Task goal: In the listing that follows, the range to quote begins at the line that has "this 1322×1120 image." and ends after the line that has "Some of the text"; quote it verbatim and add nothing.

Records for the exercise:
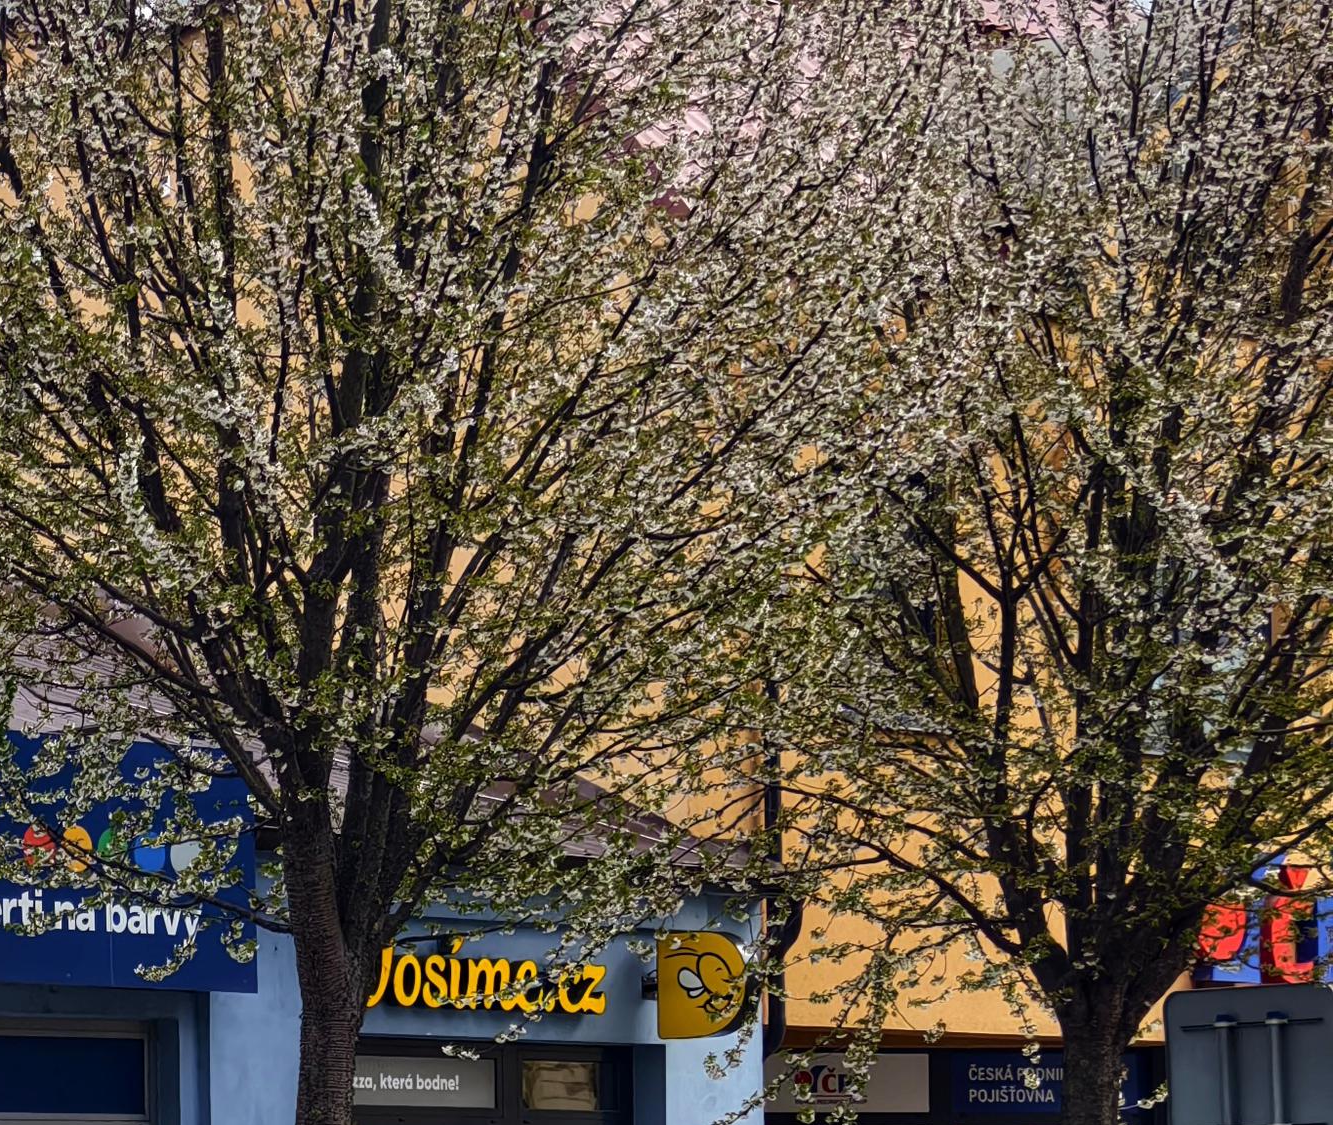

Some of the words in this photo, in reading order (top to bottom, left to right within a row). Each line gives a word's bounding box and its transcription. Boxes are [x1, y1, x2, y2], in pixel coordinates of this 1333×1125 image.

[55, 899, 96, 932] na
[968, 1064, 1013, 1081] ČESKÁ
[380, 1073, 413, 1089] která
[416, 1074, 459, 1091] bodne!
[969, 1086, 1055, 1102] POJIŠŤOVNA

==

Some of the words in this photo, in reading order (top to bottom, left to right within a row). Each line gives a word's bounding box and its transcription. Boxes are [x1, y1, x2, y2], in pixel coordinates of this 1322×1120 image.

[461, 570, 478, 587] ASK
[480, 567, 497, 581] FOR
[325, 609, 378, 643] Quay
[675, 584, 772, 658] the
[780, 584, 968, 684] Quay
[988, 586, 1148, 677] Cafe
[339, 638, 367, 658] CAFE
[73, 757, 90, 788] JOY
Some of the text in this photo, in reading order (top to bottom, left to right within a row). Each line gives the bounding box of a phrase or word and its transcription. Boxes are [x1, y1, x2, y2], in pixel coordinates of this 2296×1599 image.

...

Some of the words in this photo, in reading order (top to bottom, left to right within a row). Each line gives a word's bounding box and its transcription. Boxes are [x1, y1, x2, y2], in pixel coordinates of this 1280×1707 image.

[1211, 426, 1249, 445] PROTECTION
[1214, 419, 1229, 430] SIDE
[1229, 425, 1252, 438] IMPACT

Answer for this exercise:
Some of the words in this photo, in reading order (top to bottom, left to right within a row). Each line gives a word's bounding box and its transcription. Boxes are [x1, y1, x2, y2], in pixel coordinates of this 1322×1120 image.

[461, 570, 478, 587] ASK
[480, 567, 497, 581] FOR
[325, 609, 378, 643] Quay
[675, 584, 772, 658] the
[780, 584, 968, 684] Quay
[988, 586, 1148, 677] Cafe
[339, 638, 367, 658] CAFE
[73, 757, 90, 788] JOY
Some of the text in this photo, in reading order (top to bottom, left to right within a row). Each line gives the bounding box of a phrase or word and its transcription. Boxes are [x1, y1, x2, y2], in pixel coordinates of this 2296×1599 image.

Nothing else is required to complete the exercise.